Have you heard anyone say, "I know it's wrong but I know God will forgive me"? That's what he's talking about in this passage. We don't fulfill the lust of the flesh. We have those desires. We just don't fulfill them.

3) Render. This means to give, to offer, to give yourselves. Romans 6. At first he says don't offer your body to sin, don't put yourself in situations where you're even tempted "...but rather offer yourself to God as those who have been brought from death to life and offer the parts of your body to him as instruments of righteousness." Render means to put at one's disposal, to offer voluntarily. Romans 12:1-2 "Therefore I urge you brothers in view of God's mercy, offer your bodies as a living sacrifice, holy and pleasing to God which is your spiritual worship." Make a present of yourself to God.
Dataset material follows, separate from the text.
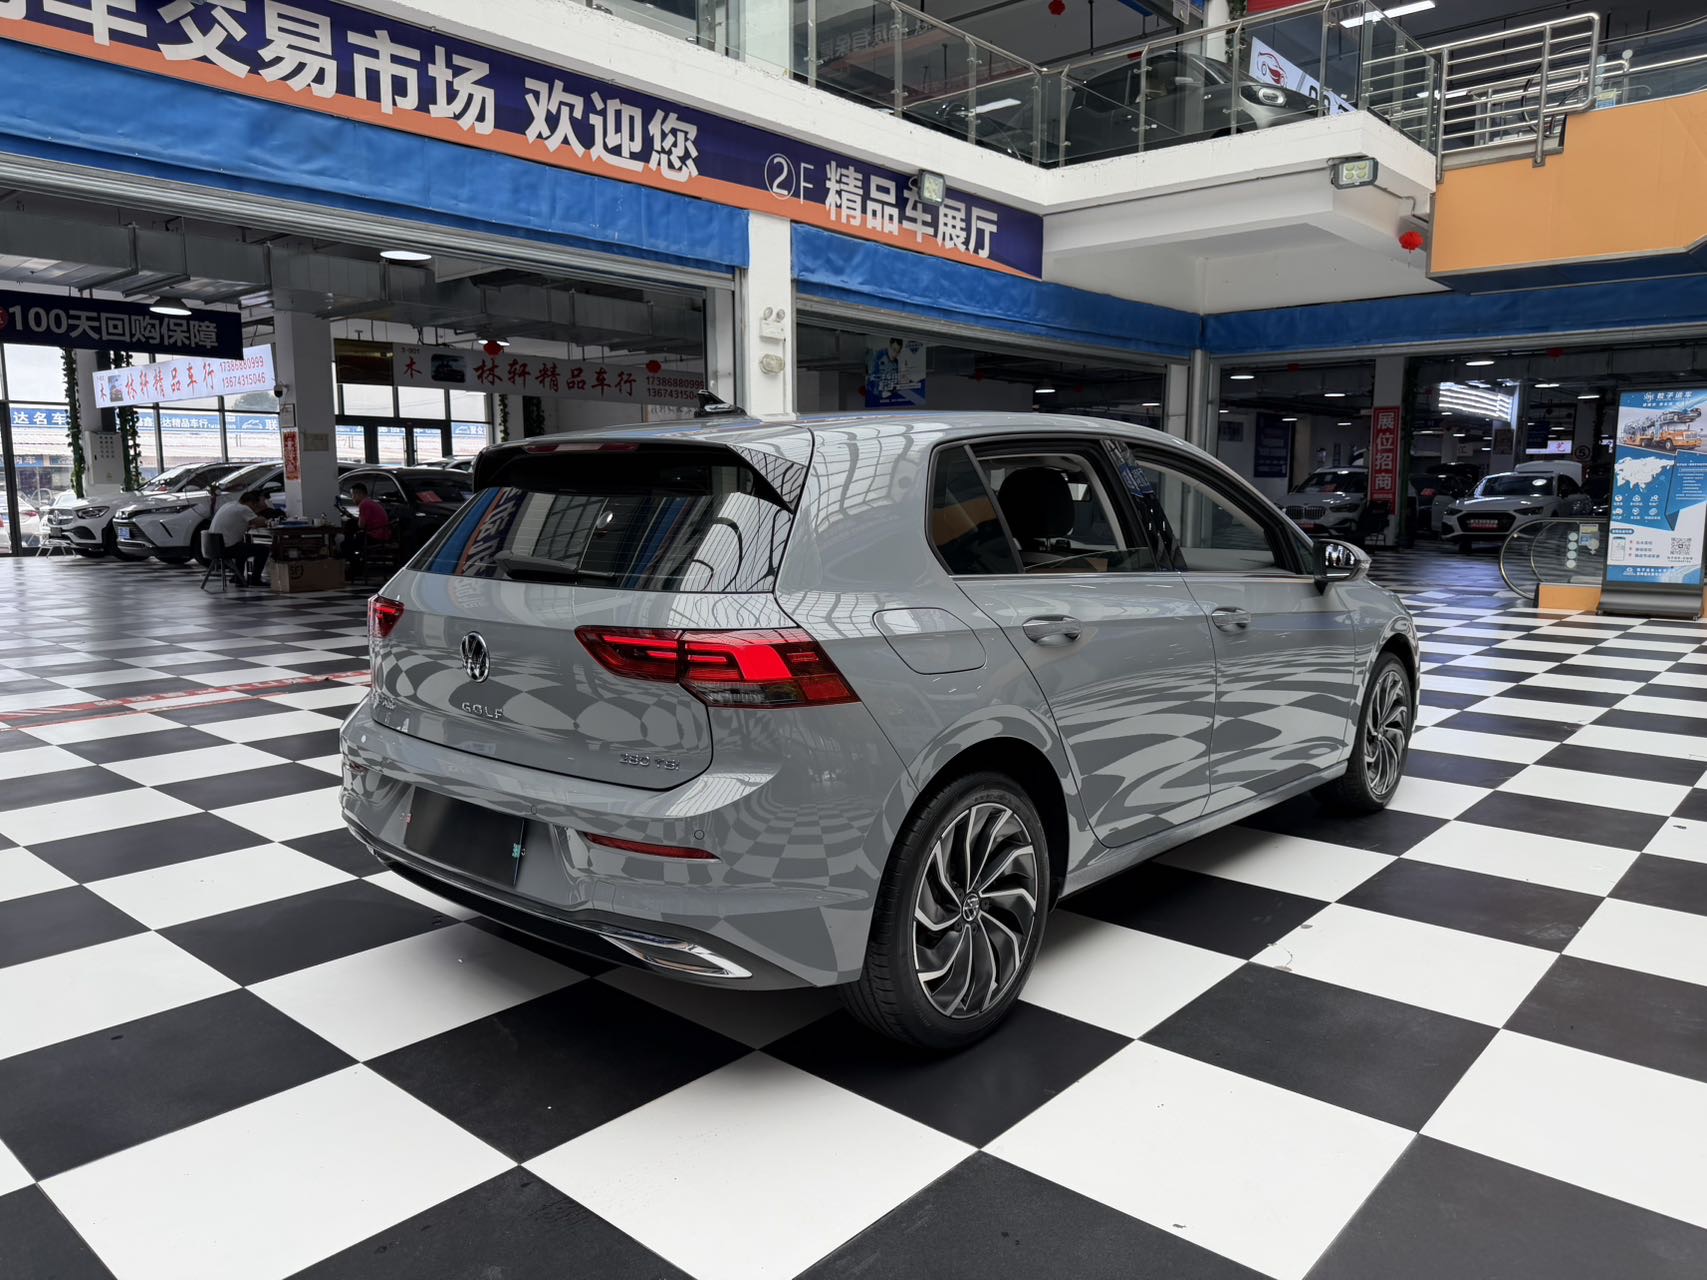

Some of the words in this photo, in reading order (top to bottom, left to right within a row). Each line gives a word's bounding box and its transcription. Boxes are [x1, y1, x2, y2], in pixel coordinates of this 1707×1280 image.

I love you guys. Stay faithful. Stay the course.

2 comments:

  1. This idea of identification with Christ astounds me. I literally cannot even fathom myself being even on the same playing field as Christ when I compare my actions to his. I am still not entirely sure what the author meant by it but in revelations it says that we reign with Christ in the new heaven and new earth. I guess this is a good thing but it boggles my mind to think that even when I sin, I am no longer a slave to that sin. It kind of pumps me up in a wierd way. I feel guilt or shame for doing that sin but at the same time I have this wierd feeling like I will do whatever it is possible to fight that specific sin so I don't fall to it again.
    We are always a slave. There is great freedom with Christ, but that freedom is found by laying down your pride and exchanging it for a lifetime of servanthood under the redemptive rule and reign of Christ.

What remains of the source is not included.